> [About this task] Transcribe everything in the listing below exactly, except the pictures.
[Supplied data]
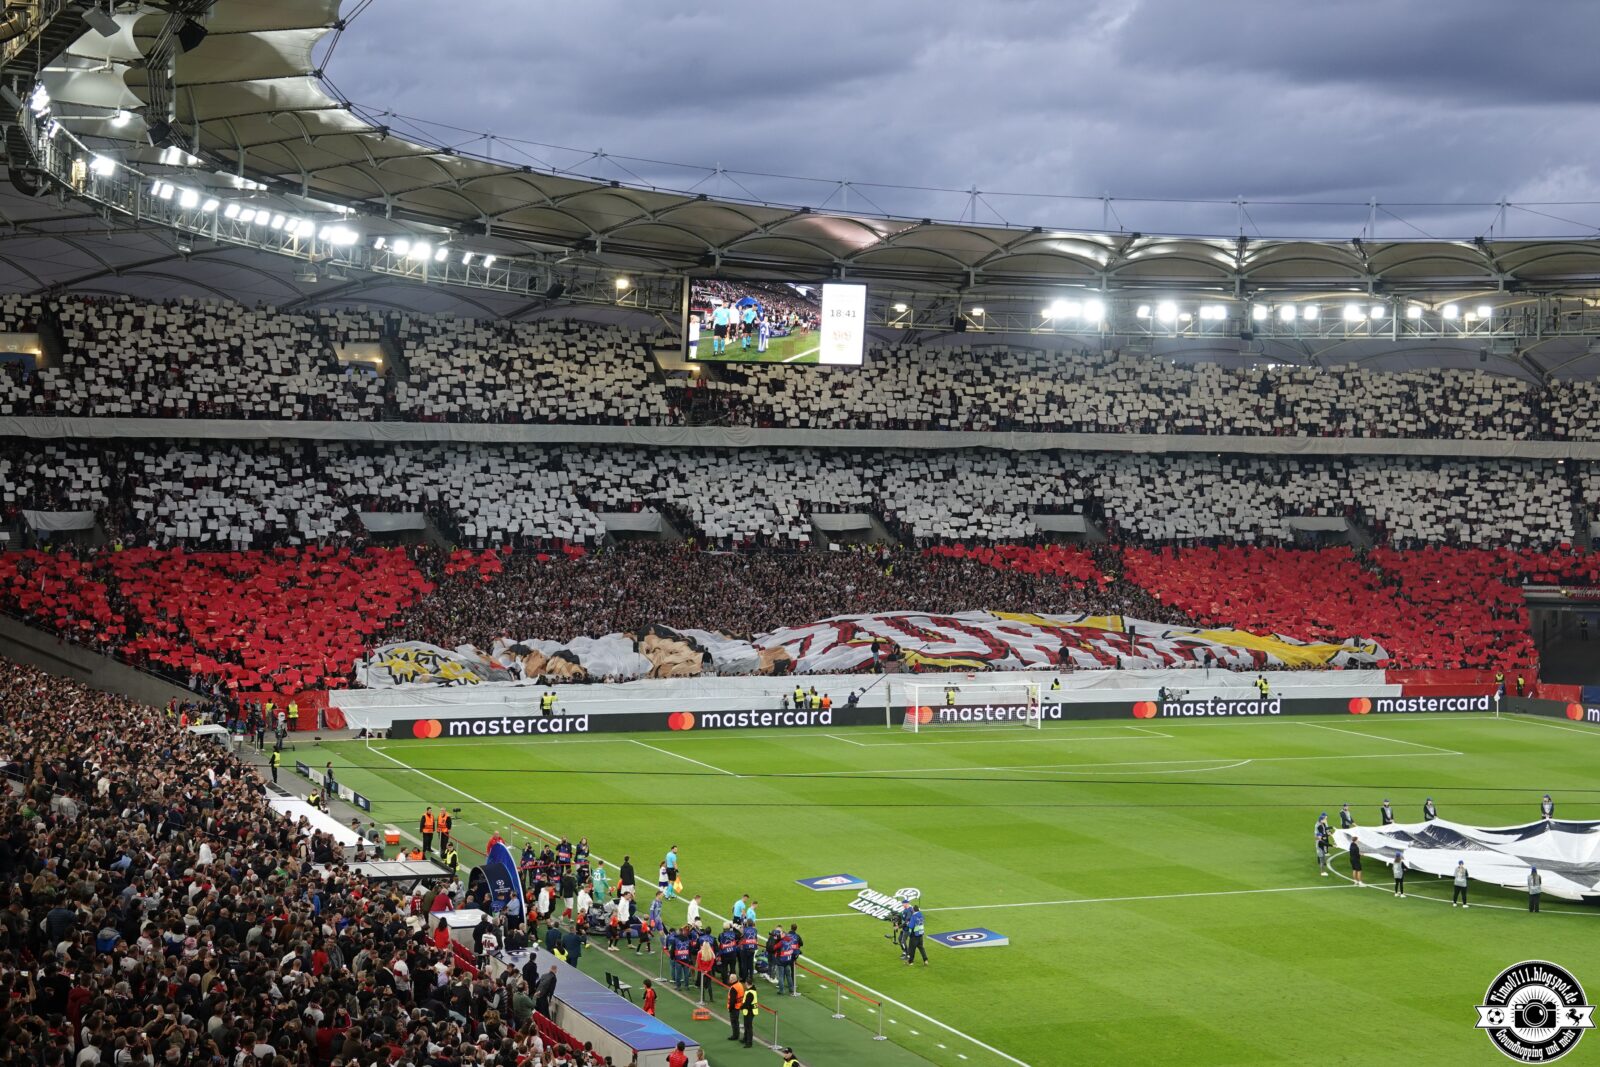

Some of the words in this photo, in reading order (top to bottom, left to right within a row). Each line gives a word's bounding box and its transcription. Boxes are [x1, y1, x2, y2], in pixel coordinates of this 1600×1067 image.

[940, 703, 1062, 721] mastercard
[1162, 699, 1281, 717] mastercard
[1377, 695, 1489, 712] mastercard
[449, 714, 589, 735] mastercard
[701, 708, 832, 727] mastercard
[857, 888, 905, 912] CHAMPIO
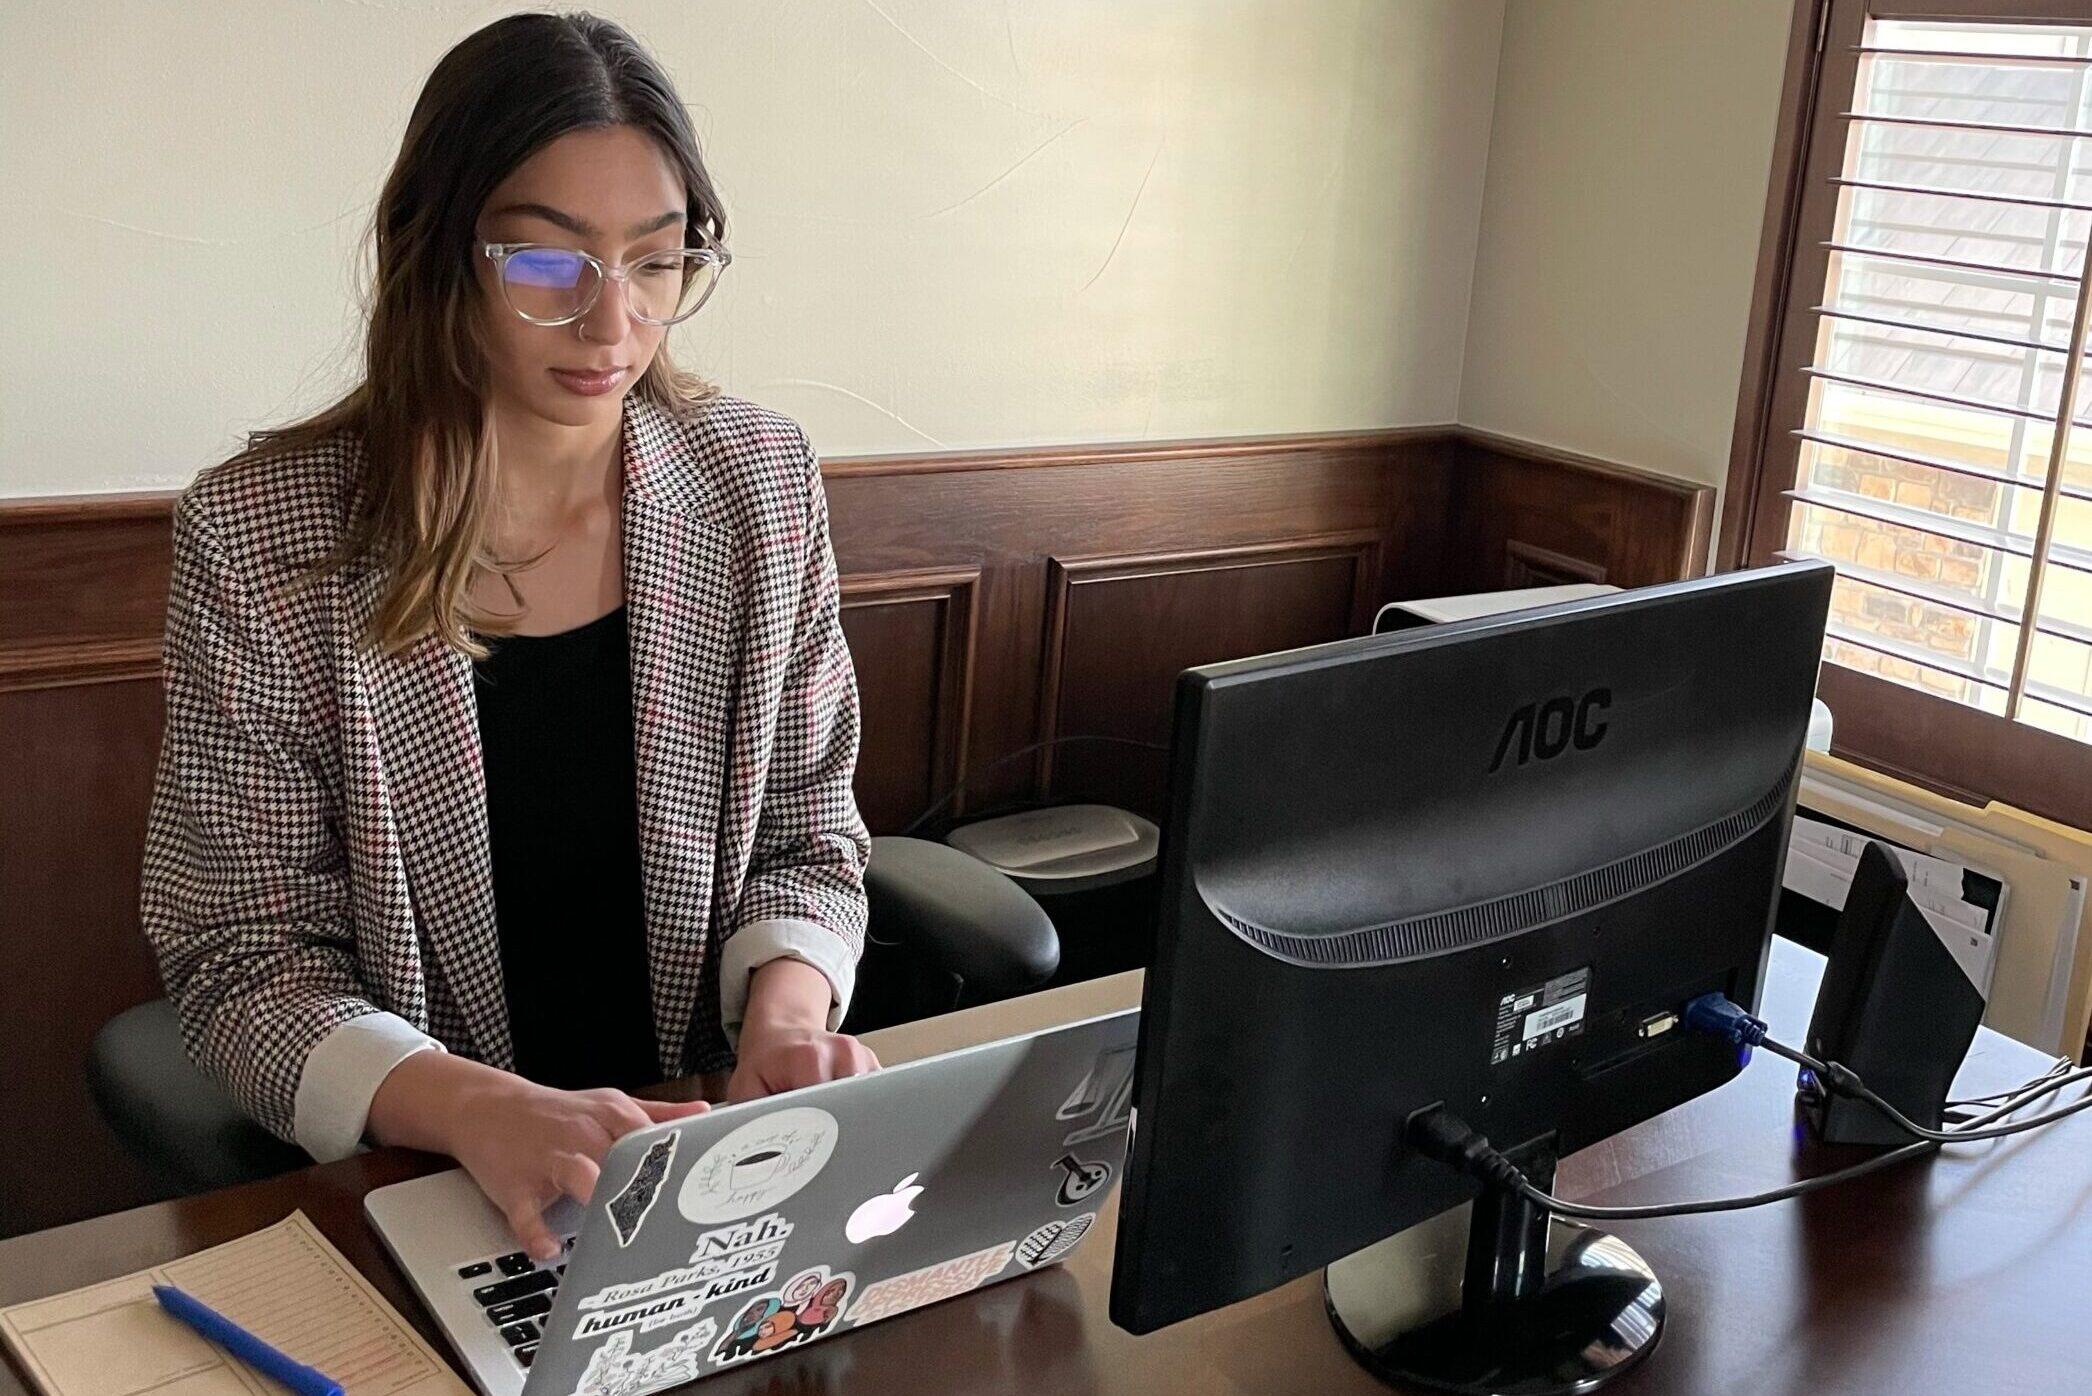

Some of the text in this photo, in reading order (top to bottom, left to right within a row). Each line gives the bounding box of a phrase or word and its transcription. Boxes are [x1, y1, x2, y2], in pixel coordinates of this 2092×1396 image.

[1488, 688, 1612, 774] AOC
[699, 1220, 787, 1257] Nah.
[582, 1297, 686, 1334] human
[705, 1266, 771, 1299] kind
[603, 1283, 654, 1303] Rosa
[661, 1265, 720, 1288] Parks,
[730, 1245, 779, 1268] 1955
[/Supplied data]
> [Response for this exercise]
Some of the words in this photo, in reading order (top to bottom, left to right within a row). Each line gives a word's bounding box and its transcription. Boxes are [x1, y1, x2, y2], in pixel coordinates of this 1600×1067 image.

[940, 703, 1062, 721] mastercard
[1162, 699, 1281, 717] mastercard
[1377, 695, 1489, 712] mastercard
[449, 714, 589, 735] mastercard
[701, 708, 832, 727] mastercard
[857, 888, 905, 912] CHAMPIO

Some of the text in this photo, in reading order (top to bottom, left to right within a row). Each line gives the bounding box of a phrase or word and its transcription. Boxes are [x1, y1, x2, y2], in pixel coordinates of this 2092×1396 image.

[1488, 688, 1612, 774] AOC
[699, 1220, 787, 1257] Nah.
[582, 1297, 686, 1334] human
[705, 1266, 771, 1299] kind
[603, 1283, 654, 1303] Rosa
[661, 1265, 720, 1288] Parks,
[730, 1245, 779, 1268] 1955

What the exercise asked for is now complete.